▸ Stored data entries:
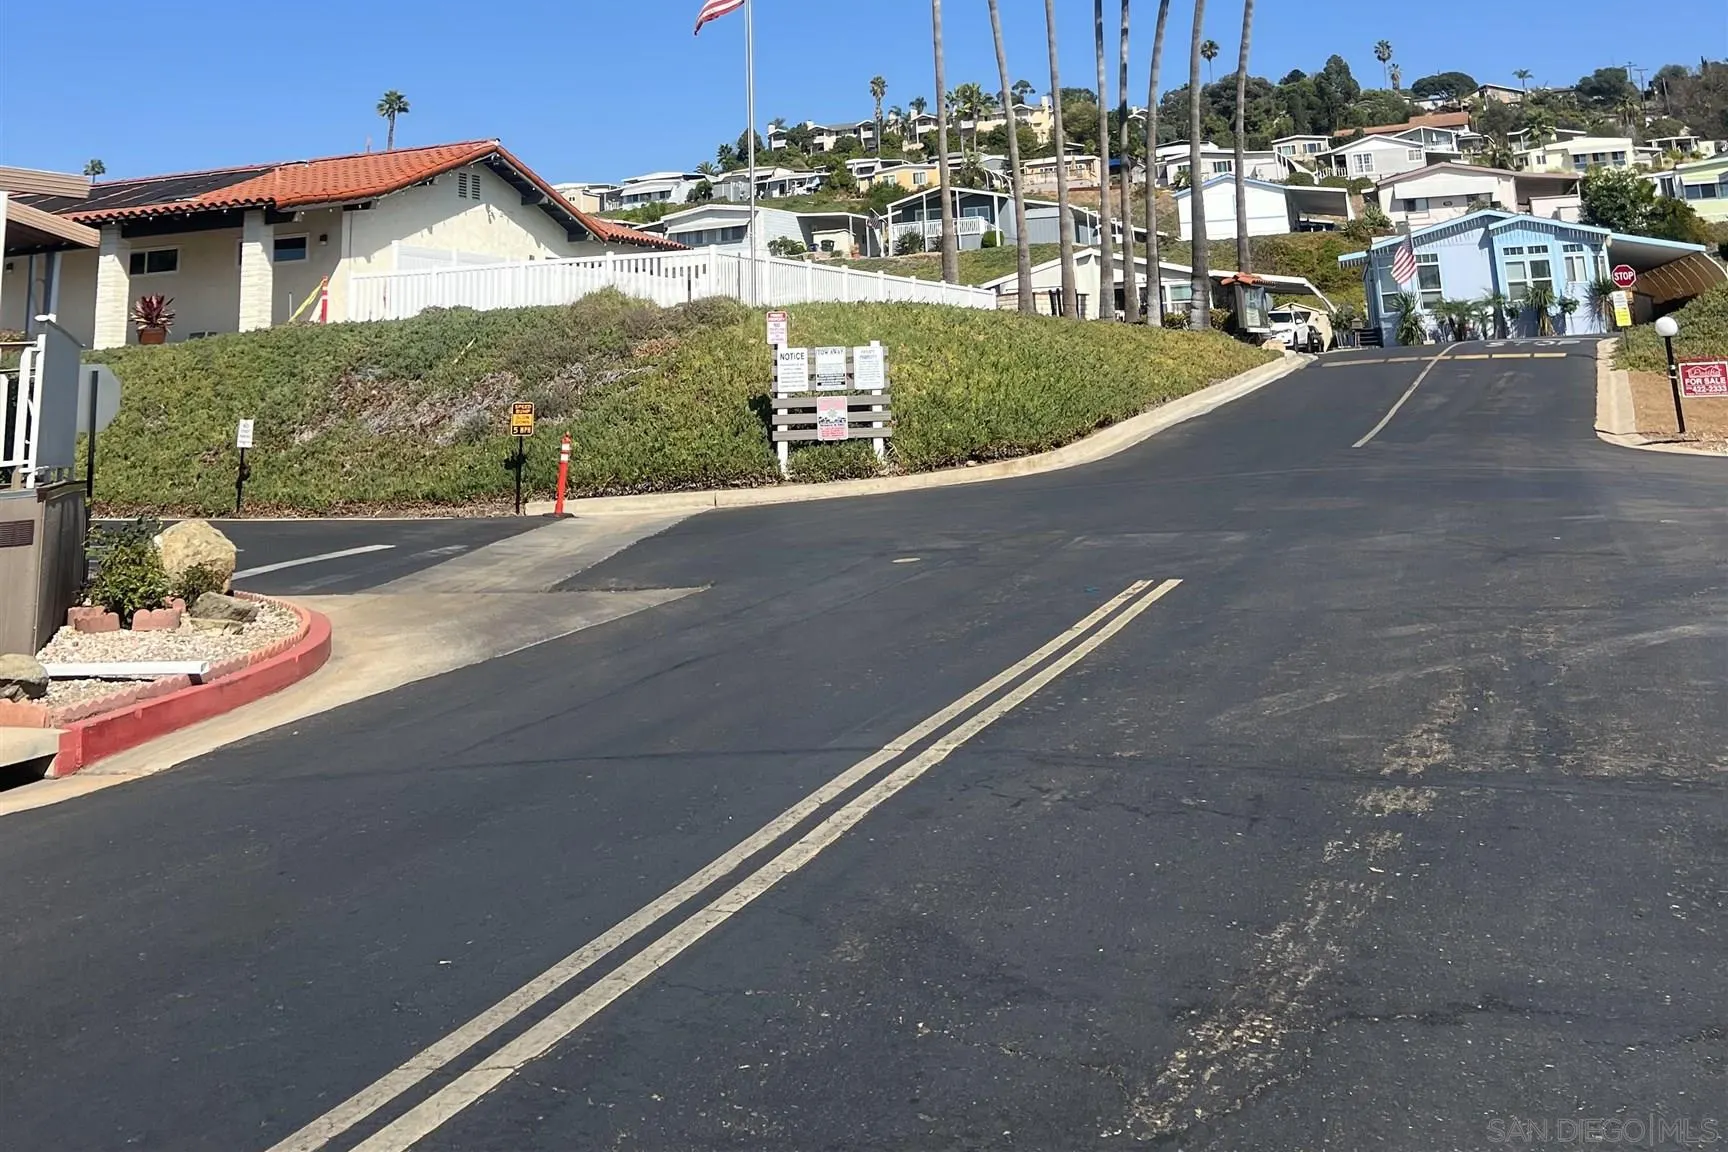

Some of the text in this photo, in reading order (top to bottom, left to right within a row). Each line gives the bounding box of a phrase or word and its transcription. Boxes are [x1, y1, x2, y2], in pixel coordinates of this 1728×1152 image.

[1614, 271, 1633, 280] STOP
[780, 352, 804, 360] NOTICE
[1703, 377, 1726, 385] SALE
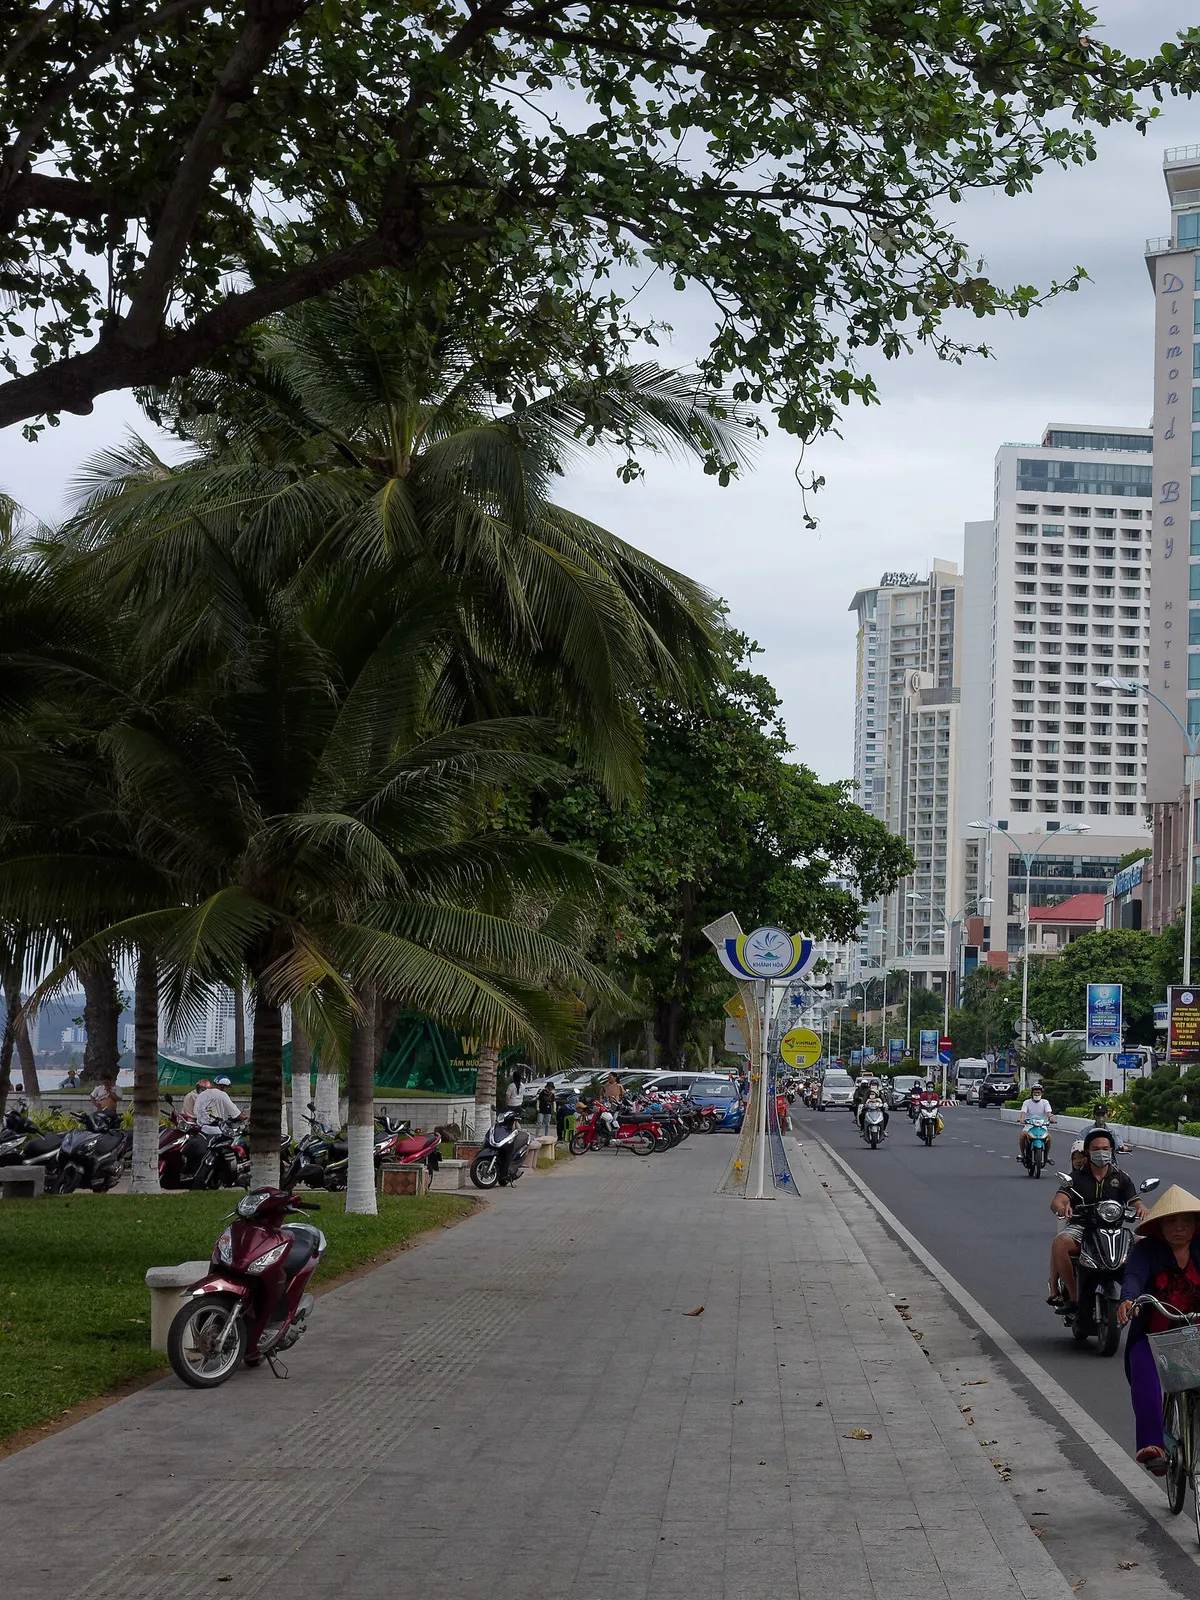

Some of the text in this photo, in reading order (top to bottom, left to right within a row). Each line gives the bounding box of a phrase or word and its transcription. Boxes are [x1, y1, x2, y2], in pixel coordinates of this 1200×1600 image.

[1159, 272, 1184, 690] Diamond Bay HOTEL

▸ Exercise requirements: In the records above, copy exactly the lines from the one that contains "this 1200×1600 image." through the last, and nothing else.

▸ Task output:
Some of the text in this photo, in reading order (top to bottom, left to right within a row). Each line gives the bounding box of a phrase or word and its transcription. Boxes are [x1, y1, x2, y2], in pixel coordinates of this 1200×1600 image.

[1159, 272, 1184, 690] Diamond Bay HOTEL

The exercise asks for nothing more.